Data excerpts:

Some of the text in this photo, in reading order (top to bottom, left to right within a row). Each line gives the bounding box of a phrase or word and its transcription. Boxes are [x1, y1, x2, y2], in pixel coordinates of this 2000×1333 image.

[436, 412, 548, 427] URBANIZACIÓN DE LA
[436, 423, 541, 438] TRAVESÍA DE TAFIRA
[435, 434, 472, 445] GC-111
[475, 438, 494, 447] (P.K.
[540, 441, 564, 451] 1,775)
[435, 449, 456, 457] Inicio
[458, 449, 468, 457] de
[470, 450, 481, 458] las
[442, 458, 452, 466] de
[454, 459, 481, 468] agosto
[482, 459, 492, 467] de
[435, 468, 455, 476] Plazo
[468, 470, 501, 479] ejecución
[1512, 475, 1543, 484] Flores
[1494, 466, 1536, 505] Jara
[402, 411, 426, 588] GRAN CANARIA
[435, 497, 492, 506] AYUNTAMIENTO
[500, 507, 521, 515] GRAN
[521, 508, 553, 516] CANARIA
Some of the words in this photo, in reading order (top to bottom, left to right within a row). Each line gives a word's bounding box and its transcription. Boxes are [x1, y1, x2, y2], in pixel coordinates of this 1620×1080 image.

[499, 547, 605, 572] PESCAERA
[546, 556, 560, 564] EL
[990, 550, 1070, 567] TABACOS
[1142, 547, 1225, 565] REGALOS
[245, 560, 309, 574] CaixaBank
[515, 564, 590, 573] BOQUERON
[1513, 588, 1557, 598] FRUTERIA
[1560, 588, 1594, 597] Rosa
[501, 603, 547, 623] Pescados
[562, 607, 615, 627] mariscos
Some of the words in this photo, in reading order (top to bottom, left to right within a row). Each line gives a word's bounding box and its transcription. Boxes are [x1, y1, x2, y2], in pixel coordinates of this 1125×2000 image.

• Task instructions
Every entry above should be written out again, precisely.

• Exercise answer
Some of the text in this photo, in reading order (top to bottom, left to right within a row). Each line gives the bounding box of a phrase or word and its transcription. Boxes are [x1, y1, x2, y2], in pixel coordinates of this 2000×1333 image.

[436, 412, 548, 427] URBANIZACIÓN DE LA
[436, 423, 541, 438] TRAVESÍA DE TAFIRA
[435, 434, 472, 445] GC-111
[475, 438, 494, 447] (P.K.
[540, 441, 564, 451] 1,775)
[435, 449, 456, 457] Inicio
[458, 449, 468, 457] de
[470, 450, 481, 458] las
[442, 458, 452, 466] de
[454, 459, 481, 468] agosto
[482, 459, 492, 467] de
[435, 468, 455, 476] Plazo
[468, 470, 501, 479] ejecución
[1512, 475, 1543, 484] Flores
[1494, 466, 1536, 505] Jara
[402, 411, 426, 588] GRAN CANARIA
[435, 497, 492, 506] AYUNTAMIENTO
[500, 507, 521, 515] GRAN
[521, 508, 553, 516] CANARIA
Some of the words in this photo, in reading order (top to bottom, left to right within a row). Each line gives a word's bounding box and its transcription. Boxes are [x1, y1, x2, y2], in pixel coordinates of this 1620×1080 image.

[499, 547, 605, 572] PESCAERA
[546, 556, 560, 564] EL
[990, 550, 1070, 567] TABACOS
[1142, 547, 1225, 565] REGALOS
[245, 560, 309, 574] CaixaBank
[515, 564, 590, 573] BOQUERON
[1513, 588, 1557, 598] FRUTERIA
[1560, 588, 1594, 597] Rosa
[501, 603, 547, 623] Pescados
[562, 607, 615, 627] mariscos
Some of the words in this photo, in reading order (top to bottom, left to right within a row). Each line gives a word's bounding box and its transcription. Boxes are [x1, y1, x2, y2], in pixel coordinates of this 1125×2000 image.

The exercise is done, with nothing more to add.